Hoodoos at Dinosaur Park 1994

Hoodoos at Dinosaur Park, 1994

Doris McCarthy, Hoodoos at Dinosaur Park, 1994
Oil on canvas, 76.7 x 102.2 cm
Private collection

It is in Jasper that McCarthy learned about the Canadian Badlands, as she relates in a 1983 interview: “[T]he Badlands! That all began when I went to a workshop in Jasper several years ago and saw photos of the Badlands. They excited me. I started making enquiries and the upshot was, we rented a van and went. This would become important subject matter for the painter, visible in bold works like Hoodoos at Dinosaur Park.

 

The hoodoos in Dinosaur Provincial Park in the Canadian Badlands of Alberta are odd rock formations composed of sandstone and topped by harder material such as basalt or limestone.  They are naturally formed over millions of years through the erosion of the sandstone by wind, water, and frost. Here, McCarthy uses a group in the foreground as her focal point before leading viewers to a smaller group on the left and, ultimately, via the sediment lines, to the background. A second path from foreground to background is defined by the cap stones on the ground to the right. Although McCarthy was fond of using repeating shapes, or echoes, throughout a work, the landscape of Dinosaur Park delivered them in spades.

 

Richard Leiterman filming Heart of a Painter, April 1982, photographer unknown, University of Toronto Scarborough Library.
Doris McCarthy, Badlands Revisited, 1989, oil on canvas, 94.6 x 125.1 cm, Doris McCarthy Gallery, Scarborough.

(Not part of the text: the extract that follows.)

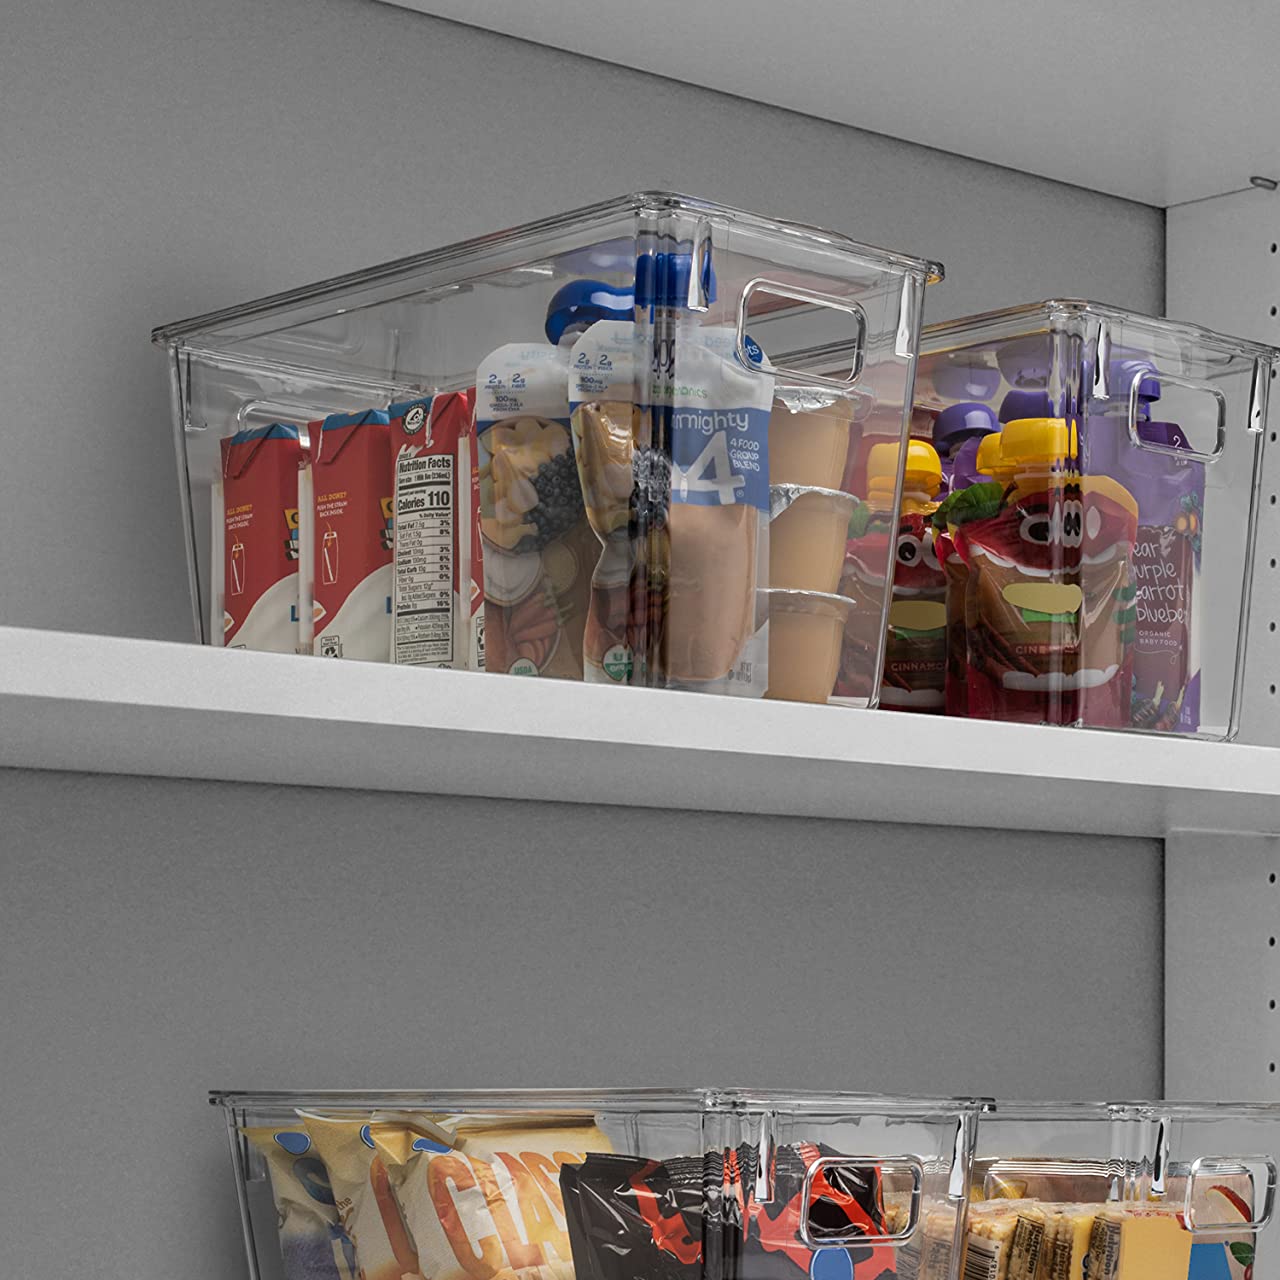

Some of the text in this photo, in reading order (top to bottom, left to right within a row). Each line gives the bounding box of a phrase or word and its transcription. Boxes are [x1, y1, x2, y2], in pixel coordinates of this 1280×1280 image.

McCarthy was introduced to this area by Wendy Wacko, a former student at Central Technical School, whom she met by chance on a flight to Edmonton in June 1977. She invited McCarthy to visit her in Jasper to paint, and, while there, they saw photos of the Badlands. Then, in 1982, when Wacko was making the documentary Doris McCarthy: Heart of a Painter, she asked McCarthy to come to the Badlands for filming.  Initially, McCarthy wasn’t impressed by the place: “In the Alberta Badlands, the snow was gone and they were dry and desert-like, all ochres and earth colors; a strange unfamiliar landscape, full of strange forms, almost irrational, unreal. I didn’t like them very much. I was sure they had been designed by a cartoonist. But as I worked, I liked them better, for you discover some rhyme and reason to the form. I fell in love with them actually.

 

McCarthy loved the challenge of painting unique landscapes, and the Badlands were like nothing she had seen before. If at first they seemed foreign to her, she warmed up to the pictorial possibilities of such a barren place in no time. They became the icebergs of her later years. She always returned to the places that tested her the most: McCarthy painted Hoodoos at Dinosaur Park on a subsequent trip to the Badlands with Wacko in the spring of 1994.